Voto de migrantes afeta disputa eleitoral no pólo do etanol
Silvestre Ferreira da Cunha, de 40 anos, natural de Timbiras, nordeste maranhense, corta cana em Guariba, noroeste paulista, há dois anos. Ausente da terra que nasceu e cresceu, deixou de votar no presidente Luiz Inácio Lula da Silva em 2006. Lá, o petista foi quase uma unanimidade: teve 83,5% do apoio do eleitorado, quase o dobro da votação obtida na cidade em que passou aquele domingo, primeiro de outubro, sob o sol escaldante de um canavial, em que 46,8% optaram pelo então candidato à reeleição. Silvestre e outros 7 mil timbirenses que trabalham nos canaviais da região de Guariba contribuíram para elevar as estatísticas de abstenção em sua cidade de origem: 30,3%, bem maior que a média nacional de 16,75%.
A migração desses trabalhadores não tem peso estatístico para interferir no resultado nacional mas, para as próximas eleições municipais, seus efeitos político-eleitorais deverão ser mais sentidos. Silvestre é um dos que, tão logo retorne a Guariba (337 km a noroeste de São Paulo) no início de 2008, irá providenciar a transferência eleitoral. “Fica até mais fácil se tiver alguém que a gente conhece na política aqui pra quando a gente chegar já tiver de quem cobrar”, afirma, no estreito corredor da entrada da pequena casa que mora com outros 13 migrantes, todos timbirenses. A próxima safra será a sua terceira seguida e, se depender dele, continuará vindo todo ano. “A gente passa oito meses aqui. Metade do que a gente ganha gasta com aluguel, comida e passagem, e a outra metade a gente manda pra nossas famílias”, diz. Esse montante acumulado mensalmente varia de acordo com a produção do trabalhador, mas na média fica entre R$ 500 e R$ 700.

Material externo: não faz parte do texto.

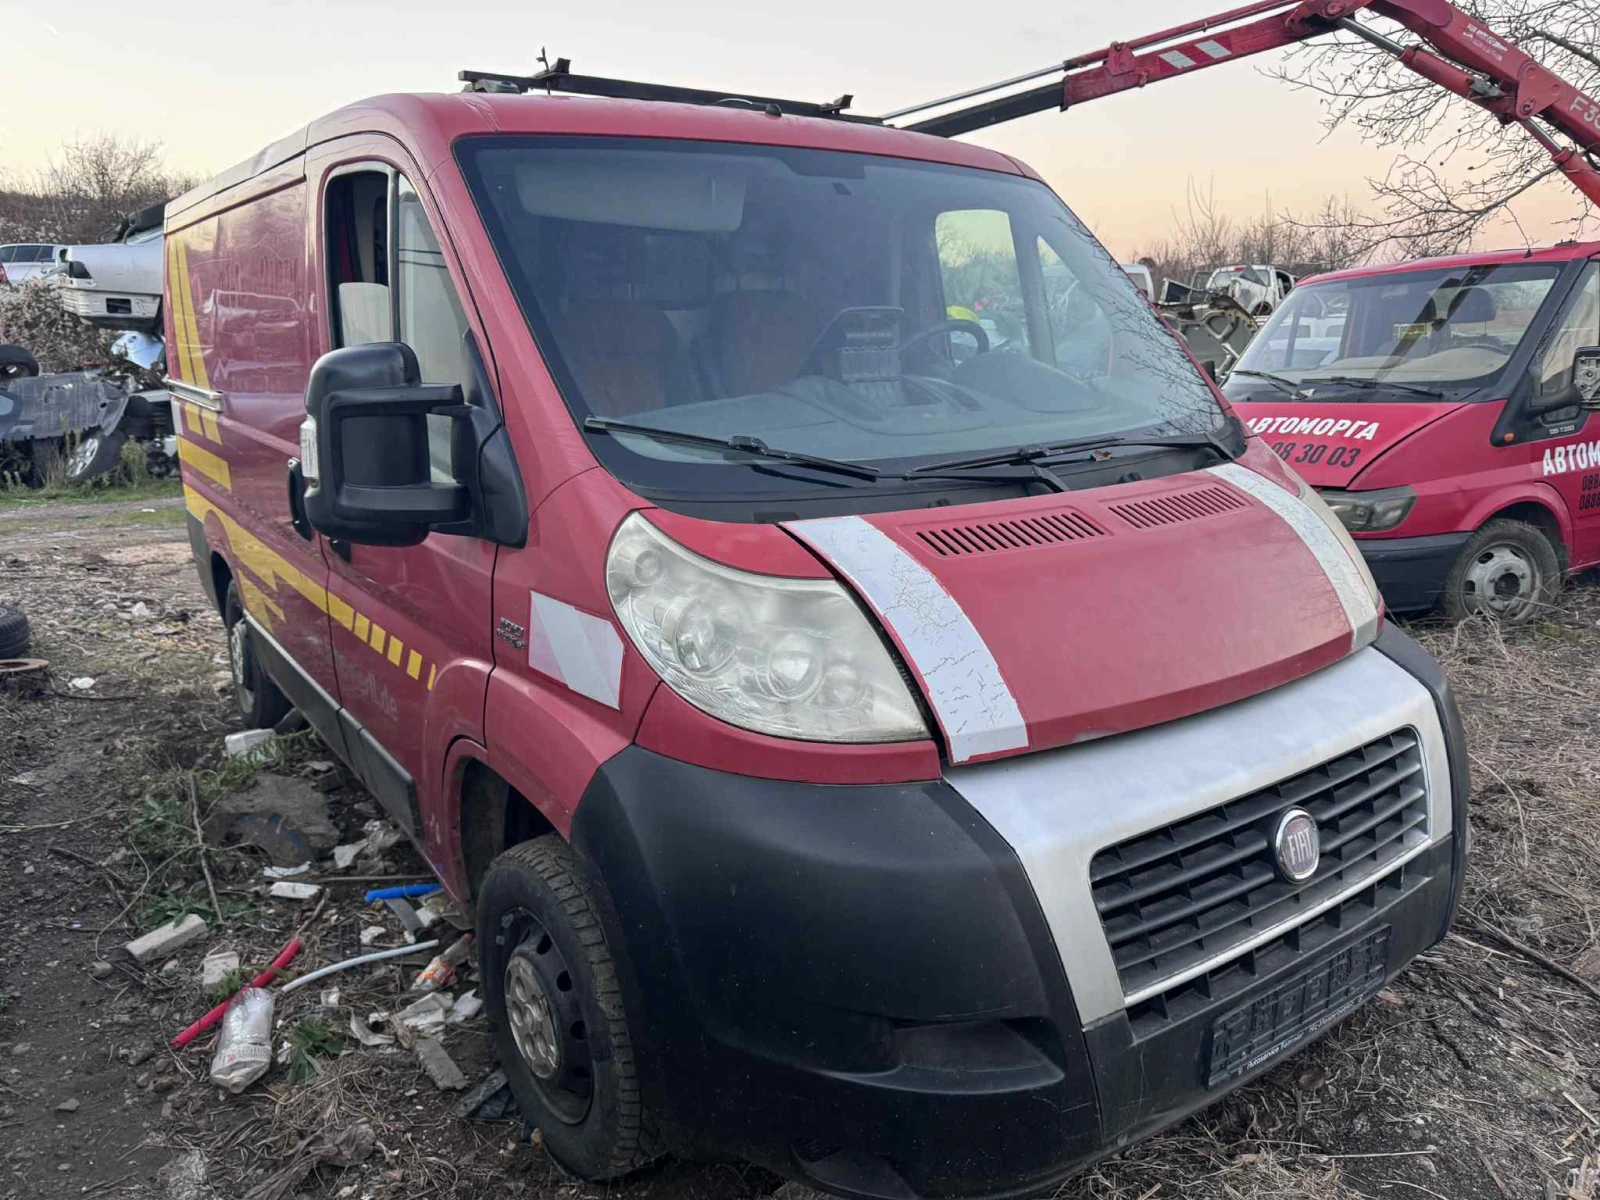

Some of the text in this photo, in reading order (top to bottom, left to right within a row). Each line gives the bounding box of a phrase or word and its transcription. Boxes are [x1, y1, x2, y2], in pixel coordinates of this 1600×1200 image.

[1296, 443, 1327, 464] 30
[1326, 446, 1361, 468] 03
[1287, 828, 1313, 865] FIAT

Situadas no topo do ranking dos municípios que mais geraram empregos no primeiro mandato de Lula, as cidades paulistas canavieiras registraram um decréscimo nos votos dados ao presidente em 2006 em relação à sua primeira eleição. Considerando-se as dez cidades que mais abriram postos de trabalho, todas paulistas e sucroalcooleiras, a votação de Lula foi de 40,7% em 2002 para 34,2% em 2006. Bem diferente dos dez municípios que mais receberam Bolsa-Família per capita. Nesses, a média de Lula saltou de 36,3% para 64,9%. A princípio, os números colocariam em xeque a geração de empregos como elemento capitalizador de votos, em contraposição aos programas de transferência de renda. No entanto, os postos de trabalho abertos nesses locais foram ocupados em sua maior parte pelos mais de 100 mil migrantes nordestinos e mineiros que passam cerca de oito meses por ano cortando cana em terras paulistas.
Em 2008, a área de cana plantada no Estado será maior, e, conseqüentemente, haverá mais trabalhadores migrantes no corte da cana. Como muitos deles já vivem neste trânsito desde a consolidação da importância do etanol para o PIB, há cerca de quatro anos, consideram-se com dupla residência: na cidade de origem e na de destino. Ficando a maior parte do tempo onde trabalham, começaram, aos poucos, a transferir seus títulos eleitorais, evitando, assim, puniçãoda Justiça Eleitoral e, de quebra, passam a participar dos processos eleitorais nas cidades em que trabalham.